The following was taken from the journal of the Rev’d David Blackmore, dated 30 July 1846, and is the earliest reference currently known to the community of Margaree.
He identified 6 families living in the community of Maggeridge, and related performing baptism for 4 individuals:
• Hannah Collier, born 25 June 1846 to John & Elizabeth Collier
• Mary Francis, born July 1846 to William & Ann Francis
• Ann Walters, born 09 May 1846 to James & Jane Walters
• Joseph Osmond, born 04 Nov, 1844 to George & Elizabeth Osmond
Church services were held in private homes conducted by SPG missionaries or visiting clergymen. This custom continued, even after a priest was stationed in Channel Port aux Basques. The parochial record of public services begins in 1890 for most of the parish, though there are some services recorded for St. James’ Church in Channel as early as 1887.
The first recorded public service for this area was held at Marguerits on Saturday, May 7th, 1891. This was an evening service conducted by the Rev’d W. L. Romilly. However, in the record of services for St. James’ Church in Channel, we find that the Rev’d W. S. Rafter held a private communion at the home of William Hiscock in Fox Roost on October, 22nd, 1890.
Our parish records for baptisms, marriages, and deaths go back to 1854. The first recorded baptism held in St. Augustine’s congregation was administered by the Rev’d J. DeVal on July 9th, 1855. The child baptized was Benjamin Walters (born Jan. 5th, 1855), son of George and Elizabeth Walters.
The first marriage recorded was that of George Osmond of Margaree, and Susanna Dicks of Isle aux Morts, married on September 14th, 1858 by the Rev’d W. W. LeGallais. The record does not state if the wedding took place in Isle aux Morts or Margaree – Fox Roost.
The first recorded burial service was held on November 28th, 1859, for Susan Osmond, aged 5 years.
By 1890, there seems to have been a small Methodist School at Fox Roost Brook in which occasional services were held.
One interesting entry appears in 1895. The Rev’d L. Goden held an evening service at Fox Roost on May 22nd, and following the service, “a meeting was held…to consider the erecting of a new School Chapel”. All were unanimous and a sum of $68 was then promised to be paid by September 1895. The School Chapel was built in the general area of the current church.
The Present Church
The Foreman for the job was Mr. John Hodder; the carpenters and labourers were all congregation members. The Corner Stone was laid on October 2nd, 1962. St. Augustine’s church was built with a seating capacity of 147 and at the cost of nearly $22,000. The bell, taken from the old church, provided a link between the old and new. Everyone in the communities shared in the work of building the church. Fishermen—those in the boat and in the plant—contributed towards a fish appeal for several years. Old age pensioners gave the first dollar of their cheque on a monthly basis. Berkley Billard, David Warren, and Alman Carter worked to show weekly films in the school (movies were collected by boat from Burnt Islands), and card games were held weekly in private homes. The CEWA (Church England Women’s Association) were active and greatly assisted in the work.
What a legacy!
2022 will mark the 60th Anniversary of St.

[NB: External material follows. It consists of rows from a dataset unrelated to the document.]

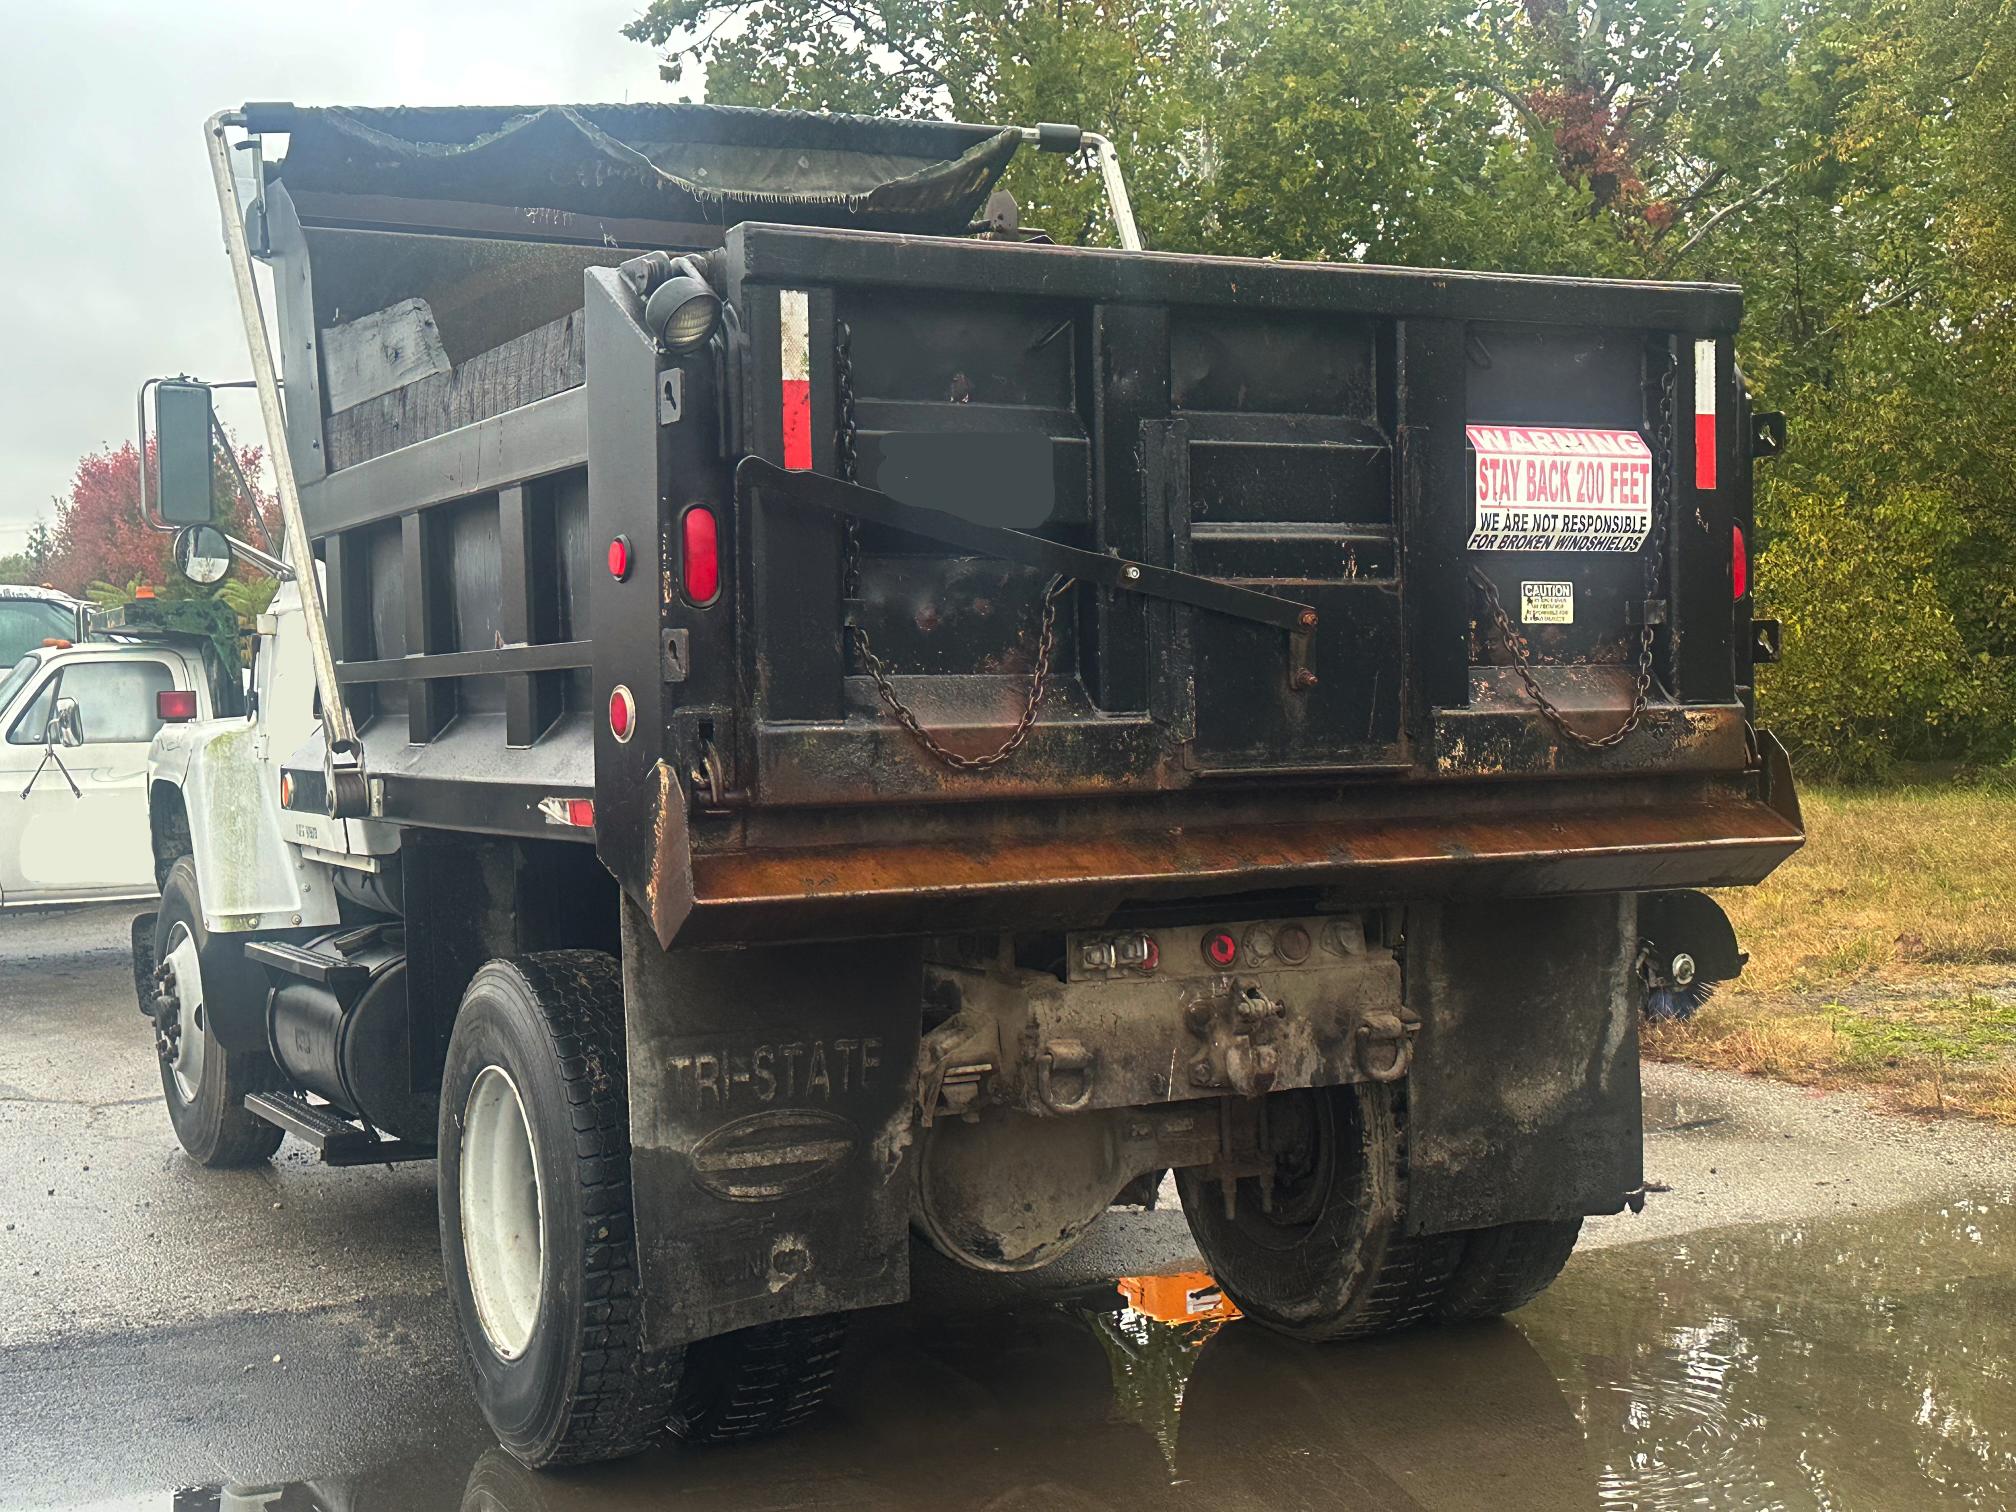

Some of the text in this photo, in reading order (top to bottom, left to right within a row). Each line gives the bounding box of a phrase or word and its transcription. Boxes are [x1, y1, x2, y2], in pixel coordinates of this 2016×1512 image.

[1469, 428, 1645, 454] WARNING
[1479, 458, 1650, 504] STAY BACK 200 FEET
[1480, 512, 1647, 534] WE ARE NOT RESPONSIBLE
[1467, 534, 1642, 552] FOR BROKEN WINDSHIELDS
[1524, 584, 1570, 597] CAUTION

Augustine’s Church in Margaree – Fox Roost.
To commemorate this, a weekend of events is being planned:
• Friday, Sept 30th – an evening of entertainment at the church.

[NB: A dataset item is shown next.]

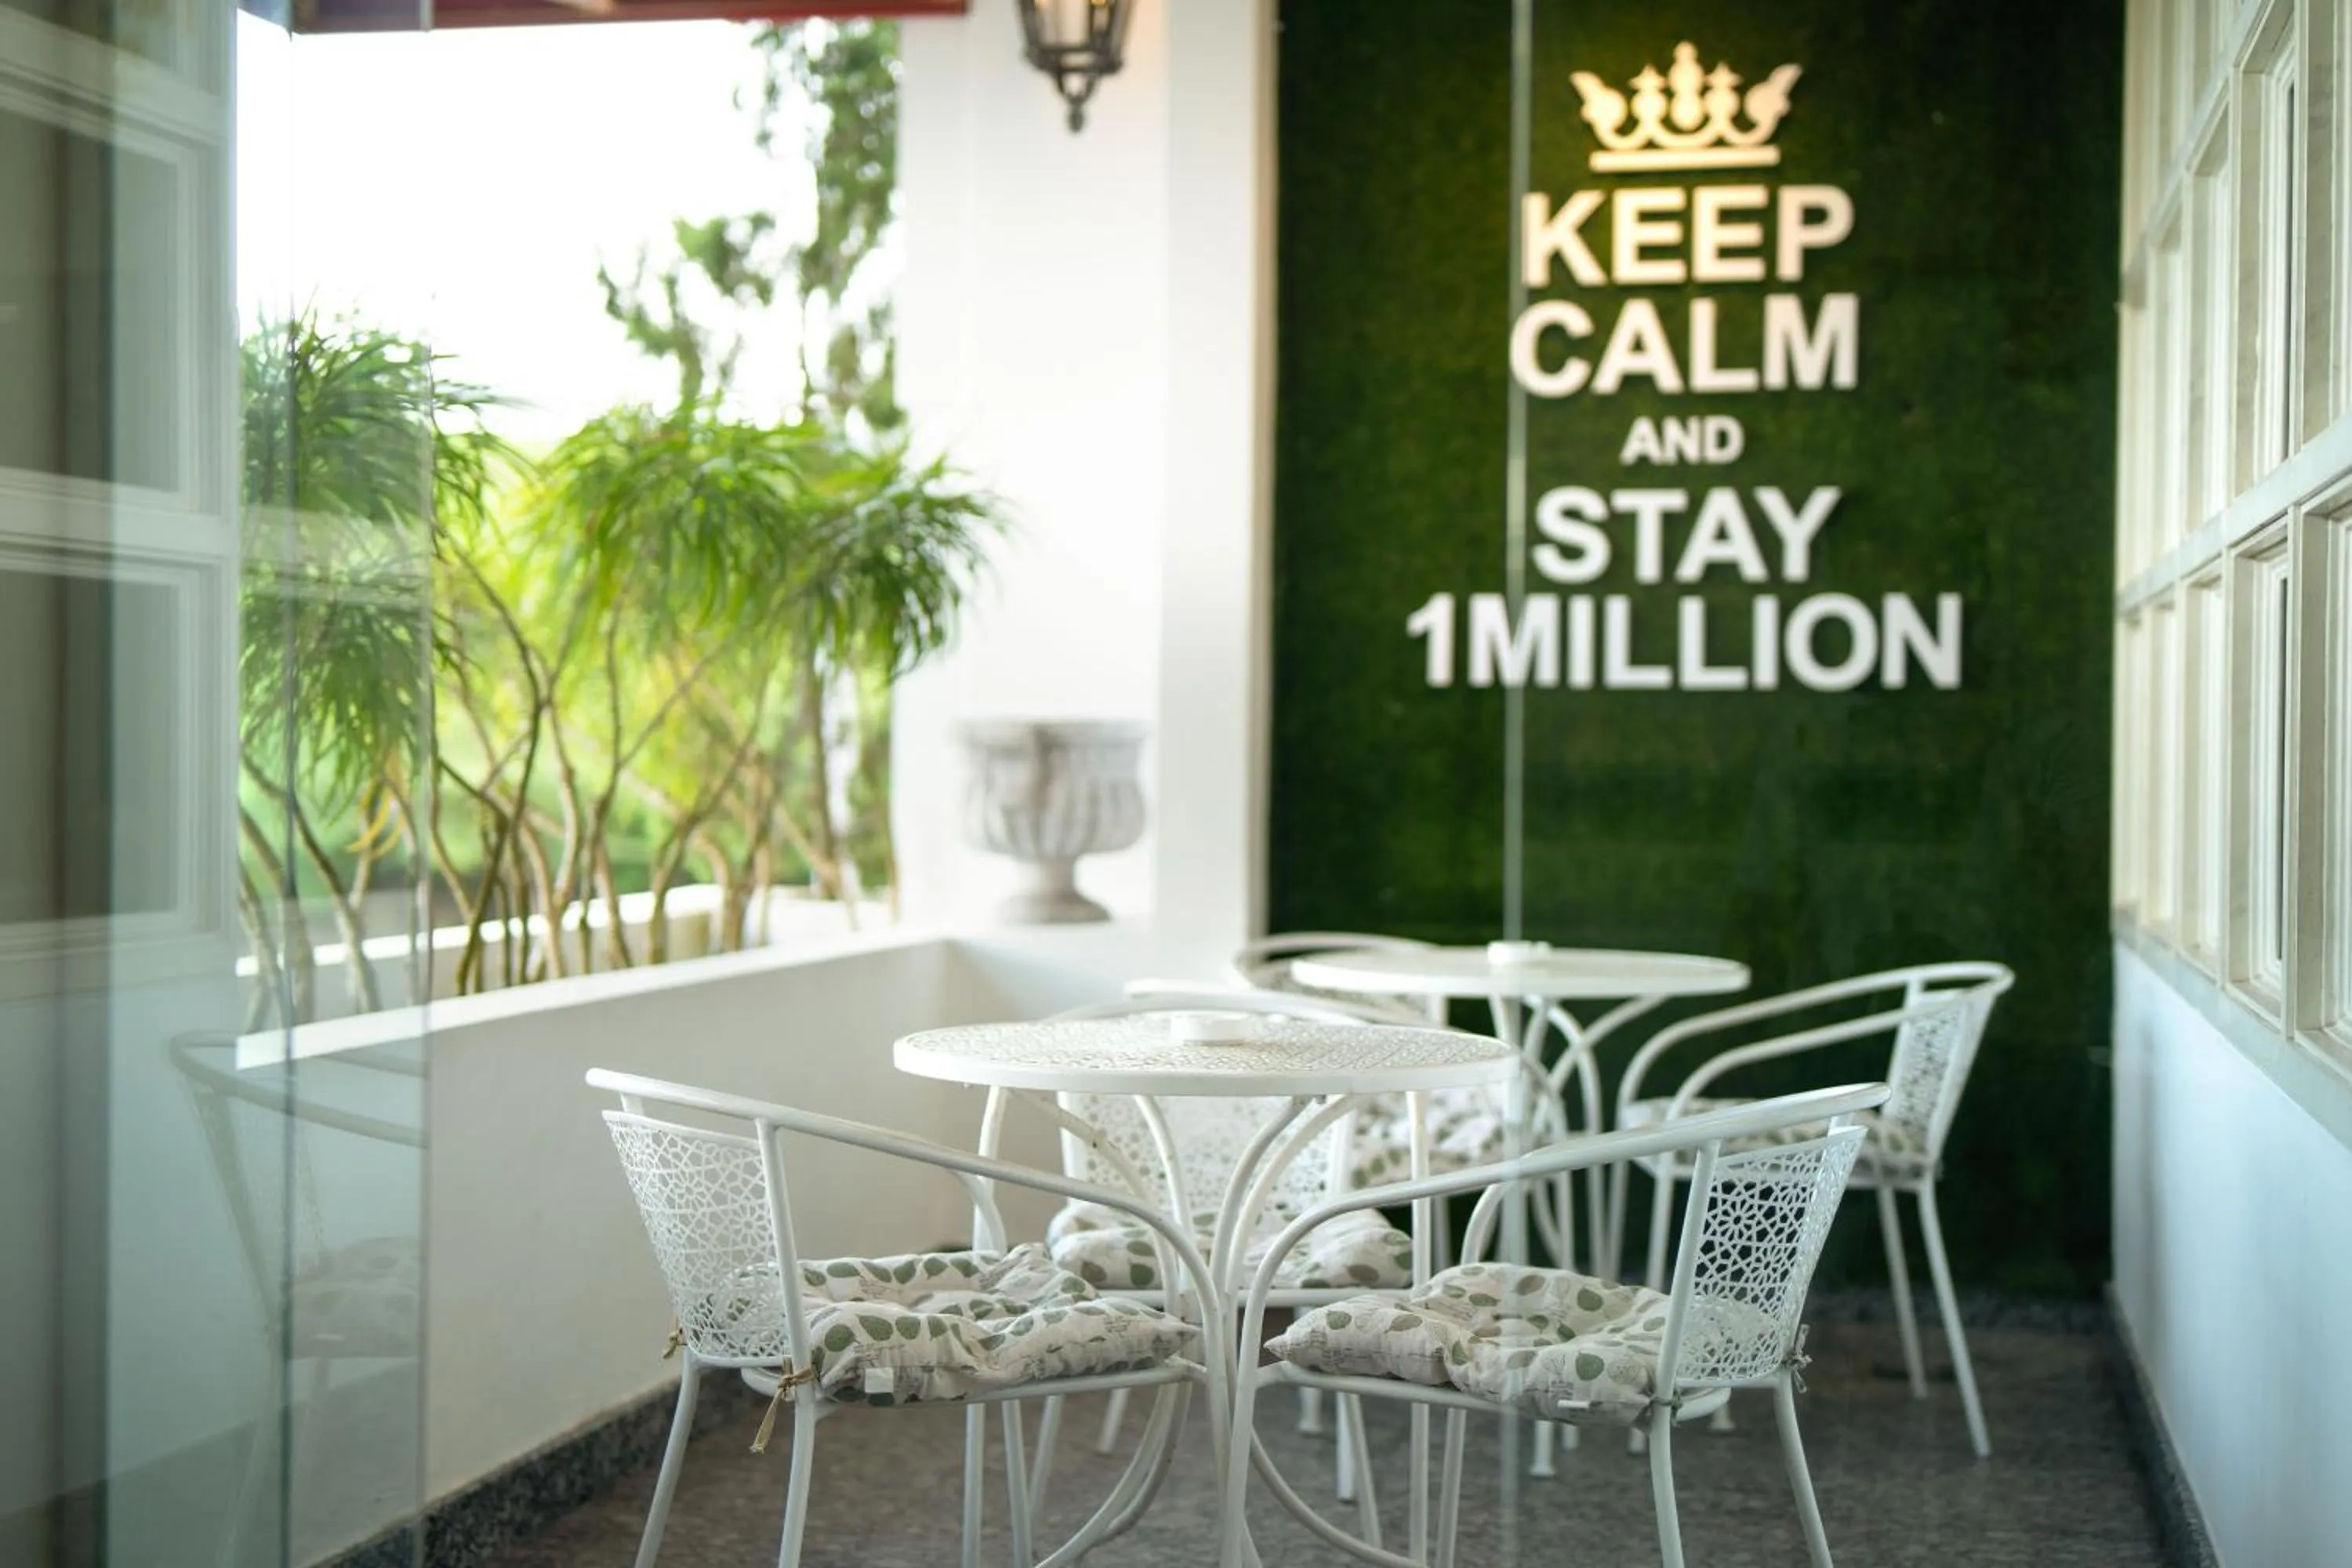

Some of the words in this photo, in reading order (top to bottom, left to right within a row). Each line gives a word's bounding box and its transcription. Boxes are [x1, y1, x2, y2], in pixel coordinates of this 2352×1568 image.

• Saturday, October 1st – an afternoon tea and quilt show
•Sunday, October 2nd – a service of celebration, 7pm at St. Augustine’s.
In 2021, a committee was created to oversee repairs on the church.

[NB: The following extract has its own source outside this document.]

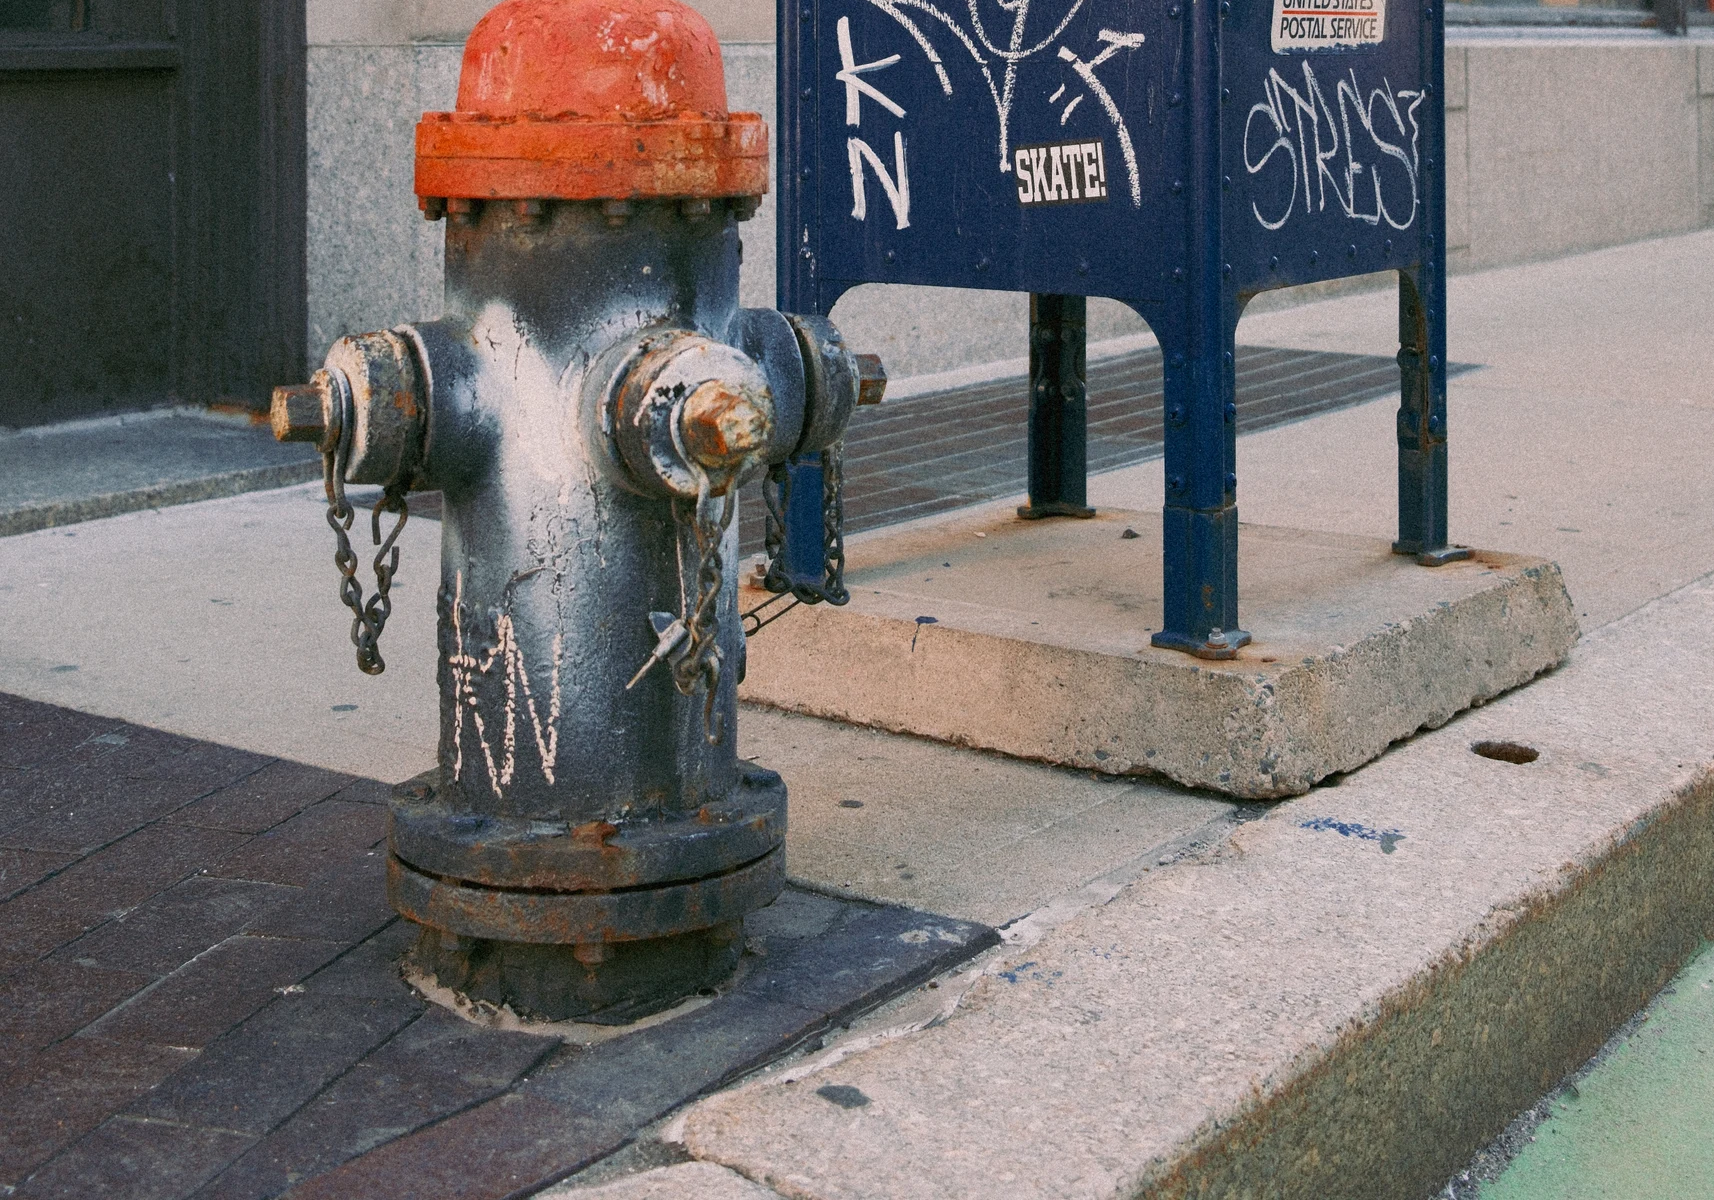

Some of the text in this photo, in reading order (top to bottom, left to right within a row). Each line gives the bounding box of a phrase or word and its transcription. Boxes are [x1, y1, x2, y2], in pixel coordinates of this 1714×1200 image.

[1280, 16, 1377, 39] POSTAL SERVICE
[1015, 142, 1106, 203] SKATE!

Phase one was to replace the leaking roof. I am happy to announce that with fund raising efforts and generous support from our communities, a metal roof is currently being installed.
Phase two includes upgrades to the interior and exterior of our church and grounds. Our upcoming fund raisers include a 2023 calendar and note cards.
Now, more so than ever in this COVID-19 era, family values and togetherness have come to mean so much. The upkeep on our church is vital to our communities.